Do keep us posted how thing move for you


----------



## EE-India (May 16, 2009)

maverickmonk said:


> Can somebody recommend immigration agents in India ?
> Although I feel my application should be straight-forward but I believe using agents should expedite the process.


Hi Dear

Go with anyone except that big cheating company ( hope it is well known in this forum )


----------



## kaz101 (Nov 29, 2007)

EE-India said:


> Hi Dear
> 
> Go with anyone except that big cheating company ( hope it is well known in this forum )
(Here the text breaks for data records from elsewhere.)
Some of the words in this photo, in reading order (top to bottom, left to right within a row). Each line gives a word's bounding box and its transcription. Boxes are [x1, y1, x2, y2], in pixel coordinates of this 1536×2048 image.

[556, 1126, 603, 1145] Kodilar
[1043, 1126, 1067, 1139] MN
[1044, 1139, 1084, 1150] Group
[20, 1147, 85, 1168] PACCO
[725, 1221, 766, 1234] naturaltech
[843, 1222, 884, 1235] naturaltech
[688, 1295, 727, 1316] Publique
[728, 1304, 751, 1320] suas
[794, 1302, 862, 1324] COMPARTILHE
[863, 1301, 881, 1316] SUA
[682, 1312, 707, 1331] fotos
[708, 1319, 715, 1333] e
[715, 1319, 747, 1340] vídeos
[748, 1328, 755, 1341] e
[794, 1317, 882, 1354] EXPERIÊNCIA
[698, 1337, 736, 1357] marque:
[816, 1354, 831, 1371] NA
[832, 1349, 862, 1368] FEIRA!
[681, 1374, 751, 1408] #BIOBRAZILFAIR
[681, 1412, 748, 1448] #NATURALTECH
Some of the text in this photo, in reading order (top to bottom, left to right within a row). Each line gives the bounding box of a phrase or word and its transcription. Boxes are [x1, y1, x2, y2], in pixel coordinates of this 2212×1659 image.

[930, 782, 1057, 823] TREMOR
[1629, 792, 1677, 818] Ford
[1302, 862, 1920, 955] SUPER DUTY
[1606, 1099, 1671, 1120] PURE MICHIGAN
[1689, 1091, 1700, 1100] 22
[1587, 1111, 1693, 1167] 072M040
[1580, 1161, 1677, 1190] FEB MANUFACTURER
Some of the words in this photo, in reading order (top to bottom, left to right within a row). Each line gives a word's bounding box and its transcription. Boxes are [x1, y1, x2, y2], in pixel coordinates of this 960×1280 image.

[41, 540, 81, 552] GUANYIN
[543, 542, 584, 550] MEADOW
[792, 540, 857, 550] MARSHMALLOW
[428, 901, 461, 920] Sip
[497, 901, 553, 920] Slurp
This forum does not allow name and shame (for legal reasons) so I doubt that the allegedly big cheating company has been named. 

Regards,
Karen


----------



## anj1976 (Apr 24, 2008)

whoever u go fr, just make sure they are MIA/MARA registered.


----------



## Adephagous (Apr 19, 2011)

I am so scared as I am new and do not know the name of the big cheating company...any pointers?


----------



## EE-India (May 16, 2009)

sayantisarkar said:


> I am so scared as I am new and do not know the name of the big cheating company...any pointers?


It is on your PM

BTW the short name is W2CS


----------



## Adephagous (Apr 19, 2011)

Thanx I guess I understand. I definitely hope I do


----------



## maverick343 (Aug 13, 2009)

)

You couldn't resist could you?

Cheers,
Maverick


----------



## maverick343 (Aug 13, 2009)

I agree with Anj, knowing how we went about the process in the end and what the role of the agent finally turned out to be, I don't think having an agent helped in any way...most of the time the agent was giving wrong/not the best advice..they were in a hurry to close the case one way or the other and my best interests or needs were not what they were looking for...

All the best!!

Maverick


----------



## Dhawal (Oct 29, 2010)

EE-India said:


> It is on your PM
> 
> BTW the short name is W2CS


Hi,
Can you PM the full name of the agent?


----------



## cross (May 29, 2010)

I think the best agent is EXPATFORUM.
when i had to do my 457 ...visa was greek and latin to me.
I spent hours in this forum and i did my 457 with the knowledge i got from here.
I almost paid a consultant to do the application and in the last minute i decided i would do it myself.
Now I am doing my PR by myself.Never even thought of a consultant.
Just be shameless to ask even the most trivial doubts you have 
and you have frends here who can help you at no cost.

good luck


----------



## bharatbansal (Jun 23, 2011)

Dhawal said:


> Hi,
> Can you PM the full name of the agent?


Me too pls


----------



## get2gauri (Jun 11, 2011)

Even I would like to know the name of cheating agent..I just hope its not my agent, which I have registered myself..Fingers Crossed..


----------



## bharatbansal (Jun 23, 2011)

get2gauri said:


> Even I would like to know the name of cheating agent..I just hope its not my agent, which I have registered myself..Fingers Crossed..


Me too pls.


----------



## ozmigration (Sep 24, 2010)

*Pls Dont Use Agents*

Hello,

I would strongly suggest to do the process of filing for PR all by urself.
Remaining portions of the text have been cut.